When I bake this recipe (and well, others too)….

creamed butter and sugars
Fluffy fluuufffyy creamed butter and sugars!
Do I spoon and level the flour?  Nope, rarely.  Do I mix the dry ingredients together in a separate bowl?  Not often.  Do I measure the vanilla?  Nuh uh, I spurt in a fat squeeze.  Am I saying this to show off?  Never.  The point is you can bake rockstar treats without being spot-on, rigidly accurate.

flour measuring cup
And it’s the wrong type of measuring cup too, can’t spoon and level this one.
Do I let the cookie sheet cool completely between batches?  Not usually.  Have I ever had a cookie turn out poorly because of it?  Never.  Do they bake a little quicker?  Maybe?  But with one eye always on the oven, spinning the sheet one-eighty halfway through, no big deal.

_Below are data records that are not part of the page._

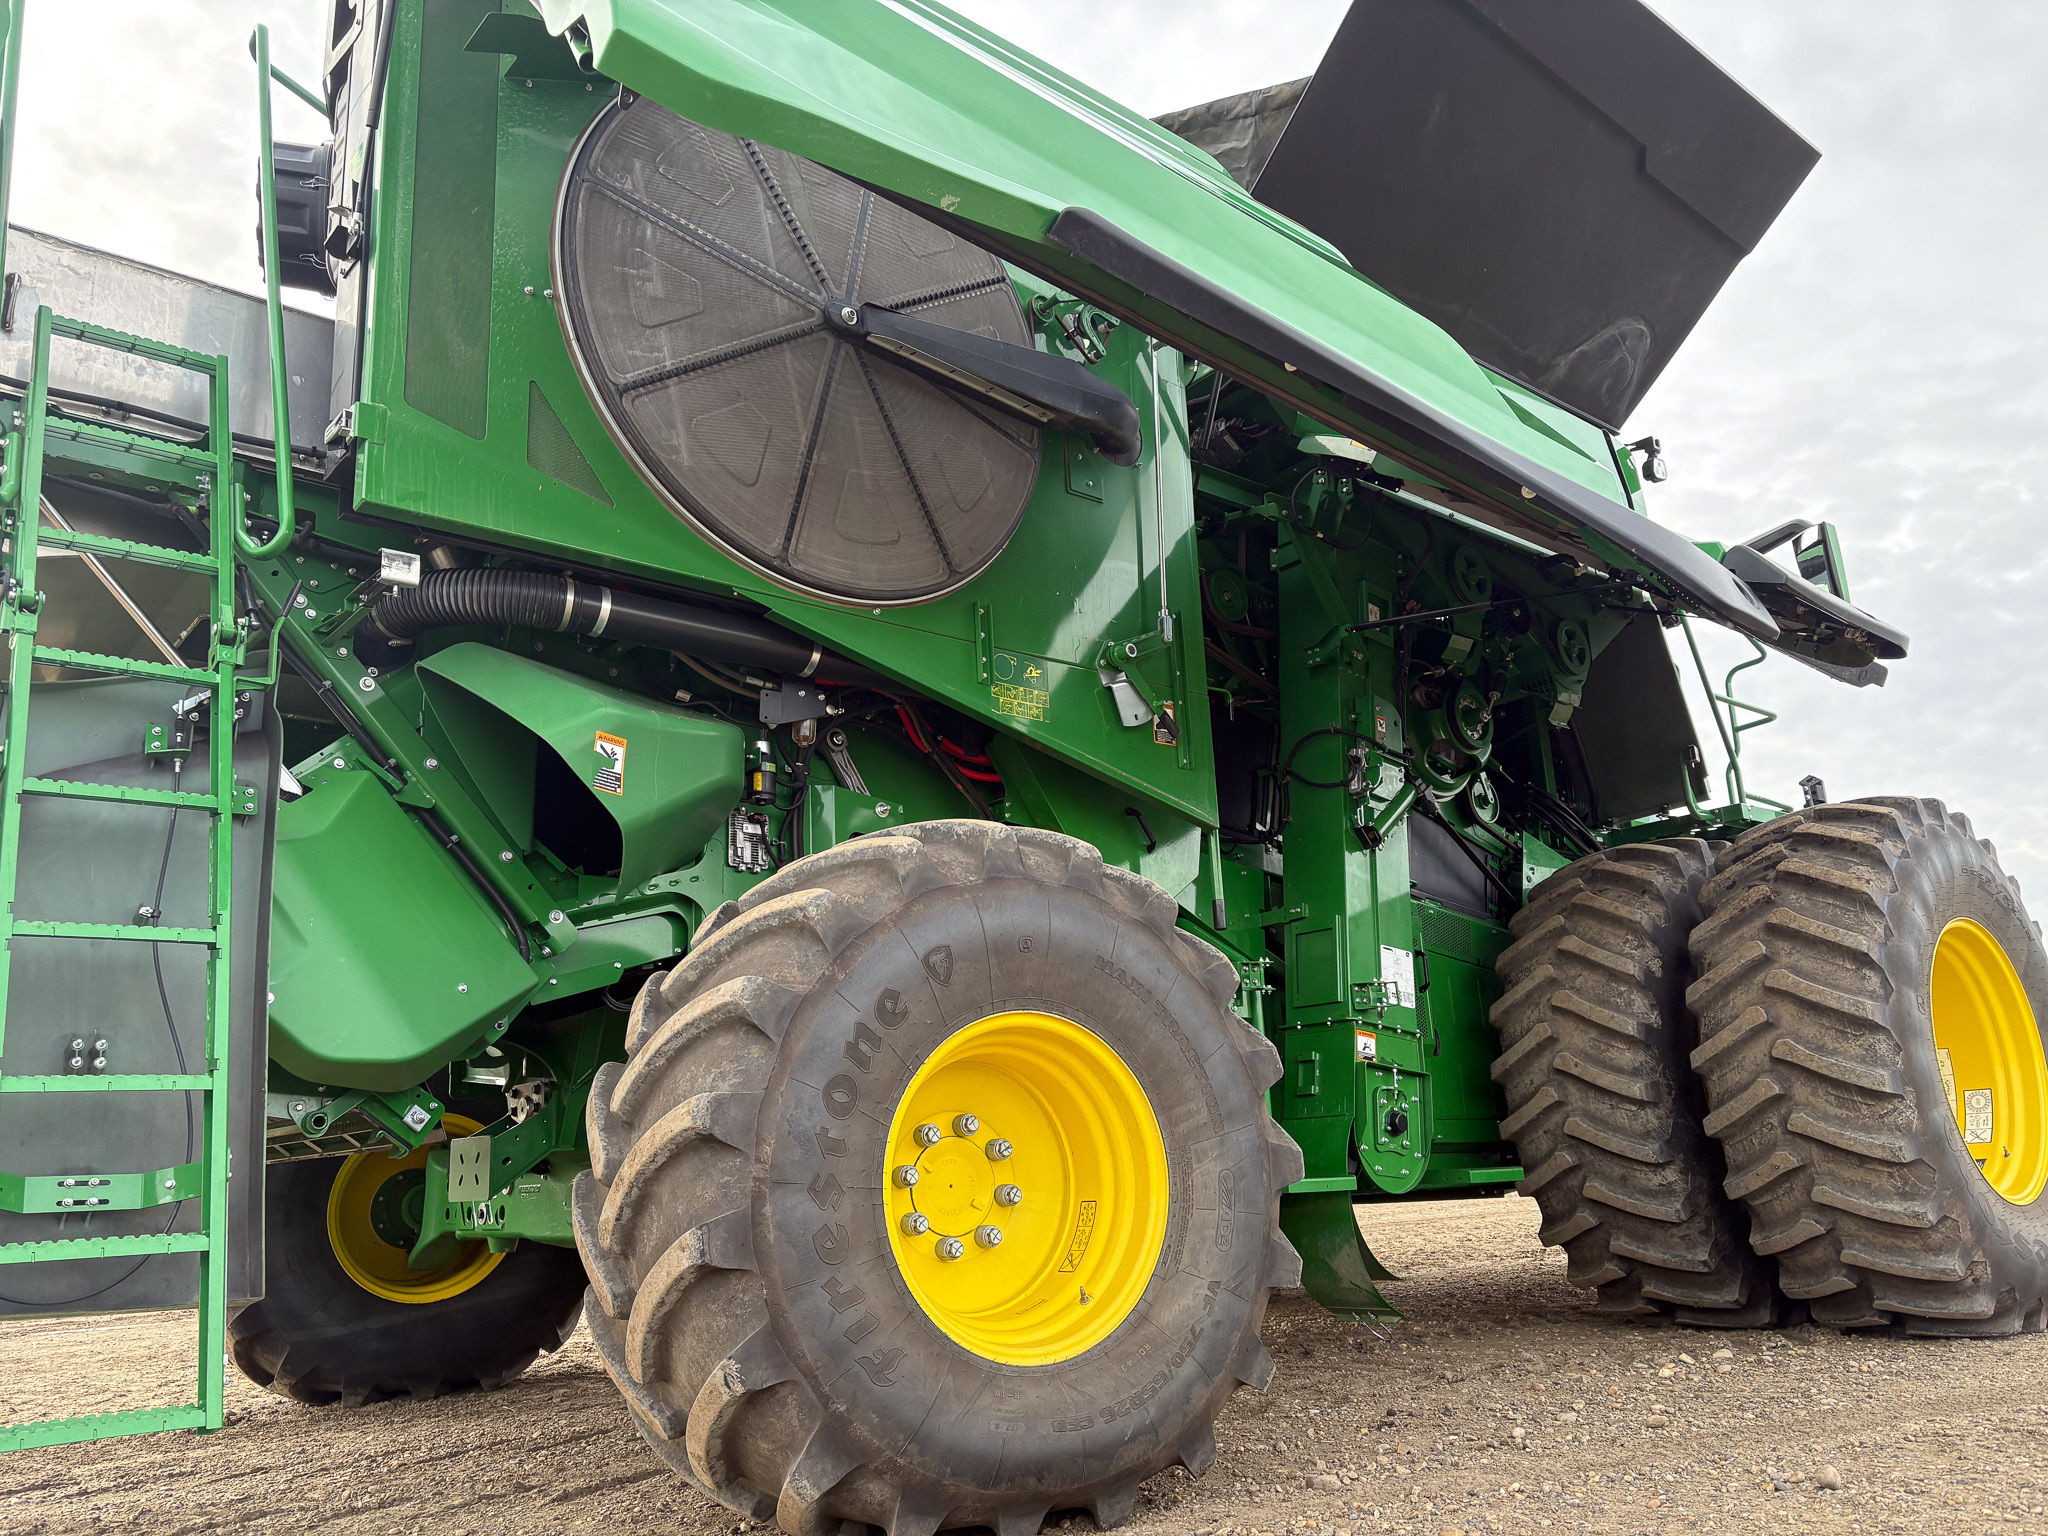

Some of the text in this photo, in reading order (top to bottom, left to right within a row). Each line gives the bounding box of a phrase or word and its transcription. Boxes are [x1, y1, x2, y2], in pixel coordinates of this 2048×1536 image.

[1093, 955, 1225, 1134] MAXI TRACTION
[807, 986, 909, 1388] Firestone
[1203, 1281, 1222, 1317] VF
[1100, 1325, 1204, 1425] 750/65R26
[1120, 1360, 1133, 1373] 43
[1051, 1415, 1095, 1433] CFO

adding chips to batter in mixer
It’s impossible to keep Mike out of the bowl at this point.
Look, I aim to be a perfectionist enough.  It’s exhausting.  And frustrating.  Sometimes baking for me, while my goal is obviously to make The Perfect cookie, cake, whatever, sometimes it’s the one time when I feel I don’t have to be perfect.

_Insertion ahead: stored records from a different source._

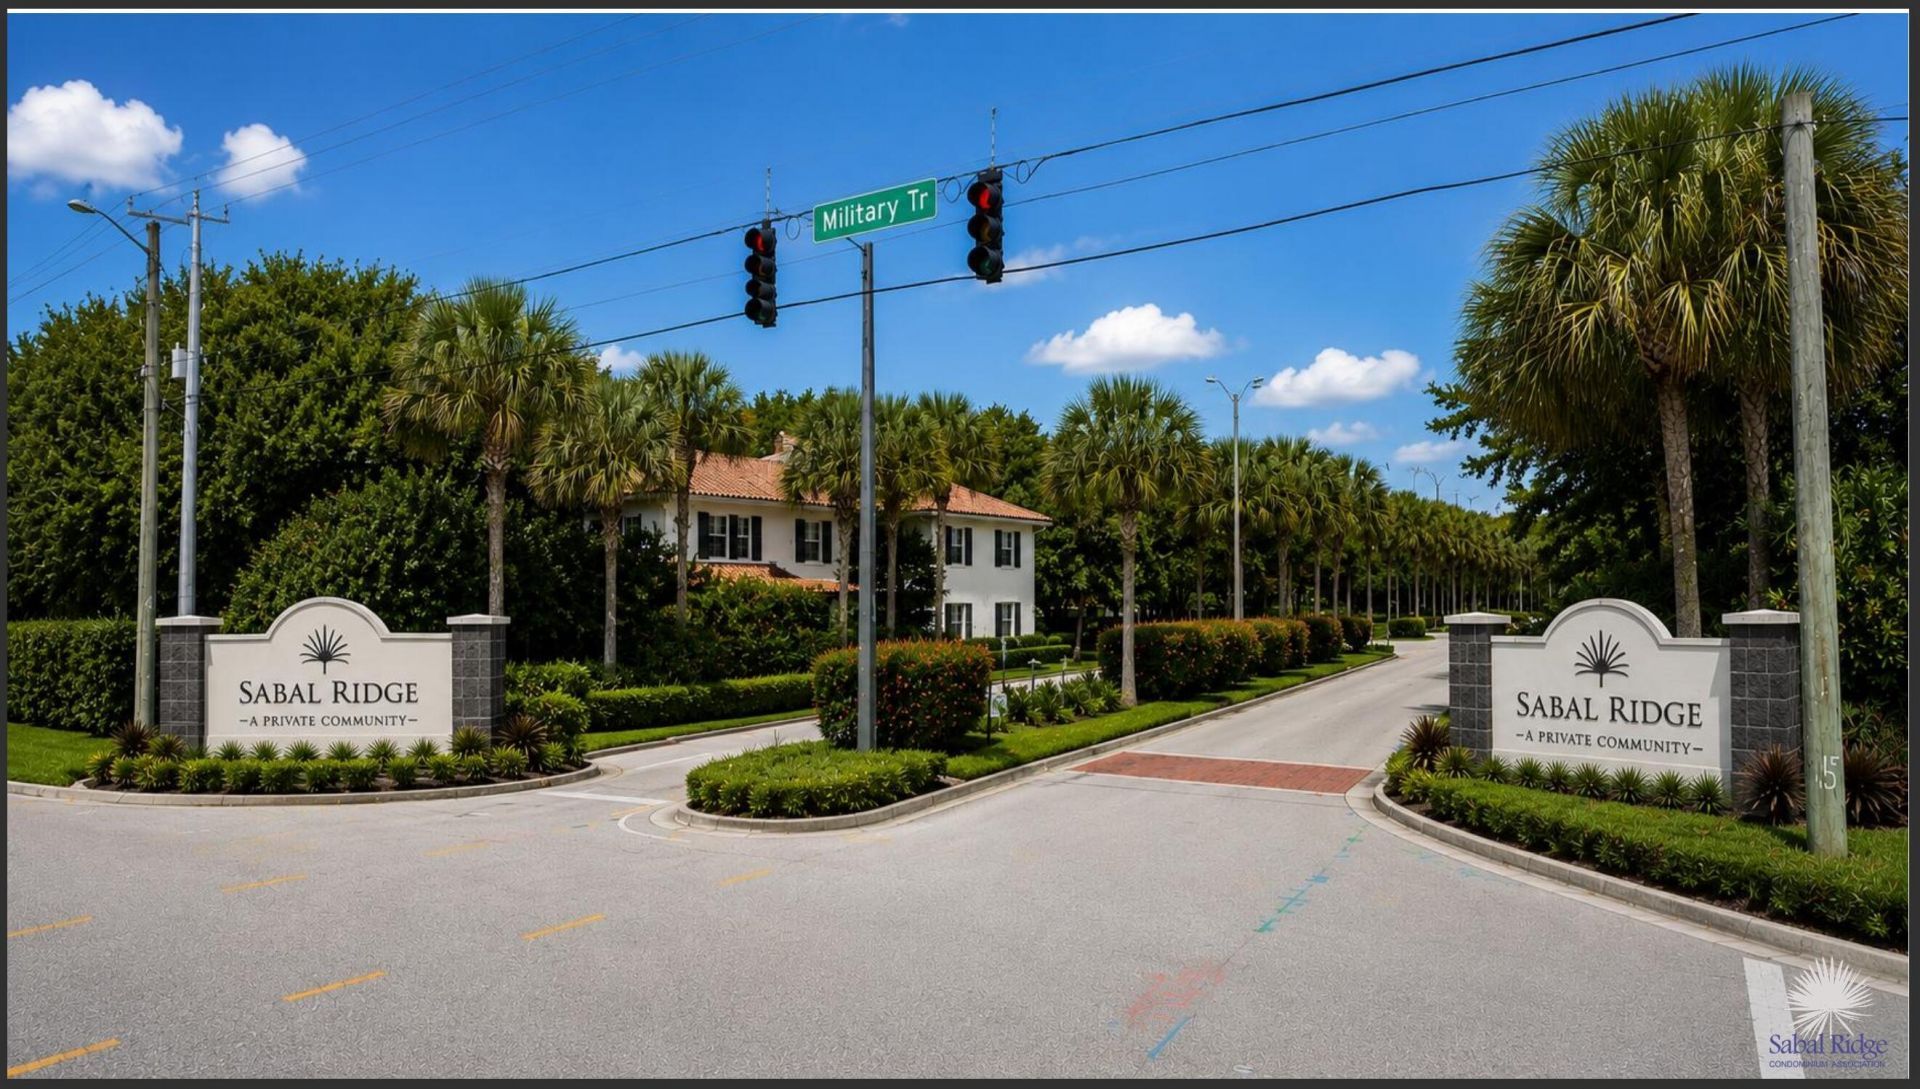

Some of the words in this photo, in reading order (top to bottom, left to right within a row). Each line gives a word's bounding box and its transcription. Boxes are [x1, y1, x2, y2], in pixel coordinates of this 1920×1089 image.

[823, 200, 898, 232] Military
[907, 189, 928, 212] Tr
[239, 680, 322, 704] SABAL
[332, 680, 419, 704] RIDGE
[263, 716, 315, 726] PRIVATE
[1516, 691, 1599, 721] SABAL
[1609, 696, 1703, 727] RIDGE
[1538, 731, 1592, 747] PRIVATE

cookie dough balls on insulated baking sheet
Yep, there it is, the contraband insulated cookie sheet. Love ’em.
Maybe that’s why I love baking so much.

freshly baked chocolate chip cookies on insulated sheet
“So babe, I see you’re one (shhh, Kerrygold) cookie in, did you notice any difference?”

Mike shot me a half look of panic, like omg what did you do to My Precious.  “Uhhh, are the chips different?”……..“OOooh, you used the butter!  Um, sure?, they’re creamier?”

“Do they taste different?”

chocolate chip cookies plated
They definitely look different to me.
Smushed face, sweet red head nodding.  “Uh yeah, they’re better.”

I should have waited to see if he mentioned anything.  While I found they didn’t taste any different, they were airier, cakier, less crisp, less chewy, and they weren’t dramatically improved.  In fact, if I hadn’t asked, he might not have noticed a butter switch.  Different cookie, yes, but improved?  Not to me.

The recipe was written for American butter, less fat, and more fat did not make more better. 

But!  The experiment was worth it.  I learned.  And this recipe once again proved its mettle, its flexibility, and why it’s such a winner. 

So there ya have it.  Classic Chocolate Chip Cookies.  Go forth, enjoy, and learn, my friends!